In 1982, O'Hare officials unveiled the O'Hare Development Plan, a plan to expand the airport with a new international terminal (now called Terminal 5), and an expansion of the domestic terminals. The new international terminal, located away from the domestic terminals, necessitated the creation of a people mover to allow for connections between domestic and international flights. The system was also intended to provide connections to distant parking facilities. The City of Chicago first awarded the contract for the people mover system to Westinghouse Electric, the second lowest bidder, in 1985. After simplifying their initial proposal in response to concerns from City, the contract was re-awarded to low bidder Matra. Ground was broken in 1987 by Mayor Harold Washington, who died later that year. The system ultimately opened in May 1993.

=== Modernization and extension ===
As part of a larger, $800 million project involving a new integrated transit center, the ATS began a modernization project in 2018. The expansion included replacing the existing 15-car fleet with 36 new Bombardier Innovia APM 256 vehicles, upgrading the previous infrastructure, and extending the line 2000 ft to the new Multi-Modal Facility on the east side of U.S. 12–45 (Mannheim Road). Previously, the line ended at Remote Parking. Remote Parking station still stands, but is disused and trains no longer stop there as the air passenger parking lot the station once served was converted to airport employee parking concurrent with the opening of the Multi-Modal Facility. The system closed in January 2019 for construction and testing of the planned modernization, with airport-funded shuttle buses running in public trafficways servicing the destinations previously serviced by the ATS. Originally, the ATS was to reopen by Fall of 2019, but this was delayed several times due in part to the COVID-19 pandemic, contract disputes, and reliability. The Chicago Department of Aviation reopened the system in November 2021 with a limited schedule. The system returned to 24 hour service in April 2022.

== Service ==
The Airport Transit System operates 24 hours a day, 7 days a week. The system is free to users and connects O'Hare's terminals to parking lots, bus and train connections, and the consolidated rental car facility.

The system is in a two track configuration with multiple crossovers, which allows more than one train to travel along a track at once while providing service in both directions. The entire system uses platform screen doors, preventing people from leaving the platform, falling on the tracks or tampering with restricted areas.

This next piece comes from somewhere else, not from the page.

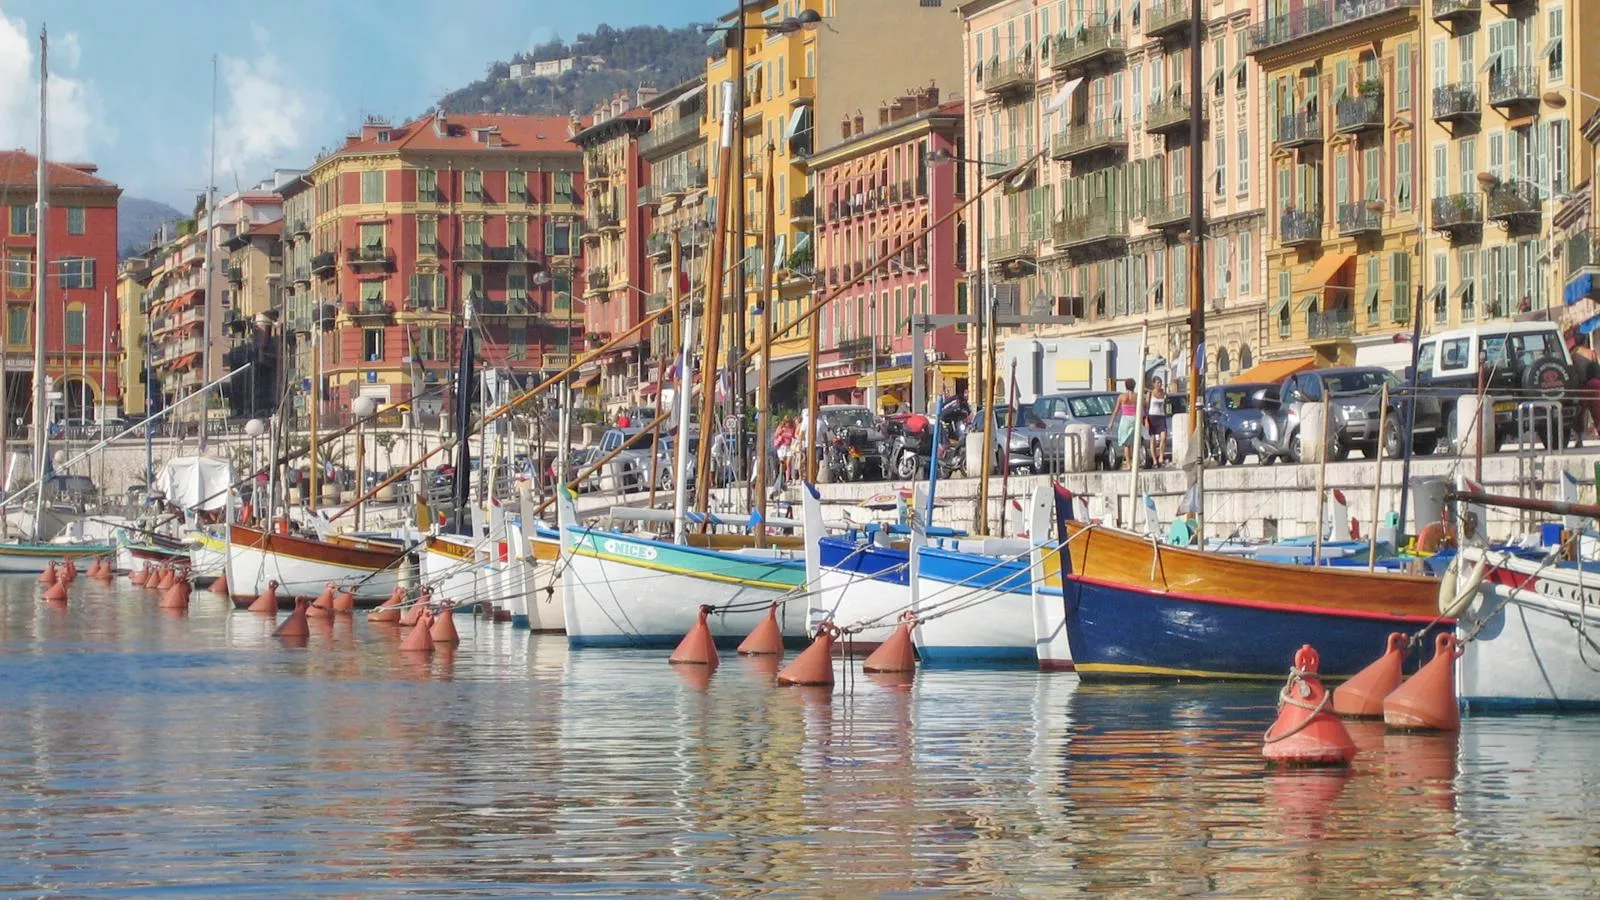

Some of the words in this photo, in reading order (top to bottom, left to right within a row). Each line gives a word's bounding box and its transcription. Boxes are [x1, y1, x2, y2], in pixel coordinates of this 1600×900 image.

[615, 541, 646, 558] NICE
[1544, 582, 1564, 598] LA
[1571, 589, 1600, 606] GA

The system's 36 cars are joined into 3-car trains, with each train able to carry up to 147 passengers.

=== Stations ===
ATS stations are fully accessible and provide access to the elevated ATS tracks. The system has two tracks, and each train stops at all five stations traveling in both directions. Its west end is at Terminal 1, at the west end of the terminal core, and it makes a counterclockwise loop around the parking garage with stops at Terminal 2 and Terminal 3. Parking Garage A (the main garage) is accessible from any of the three terminal stations, as is the O'Hare terminal of the CTA's Blue Line. Parking Lots B and C are only accessible from Terminal 1 and 3 stations, respectively. It takes 10 minutes to travel from Terminal 1 to the consolidated rental car facility.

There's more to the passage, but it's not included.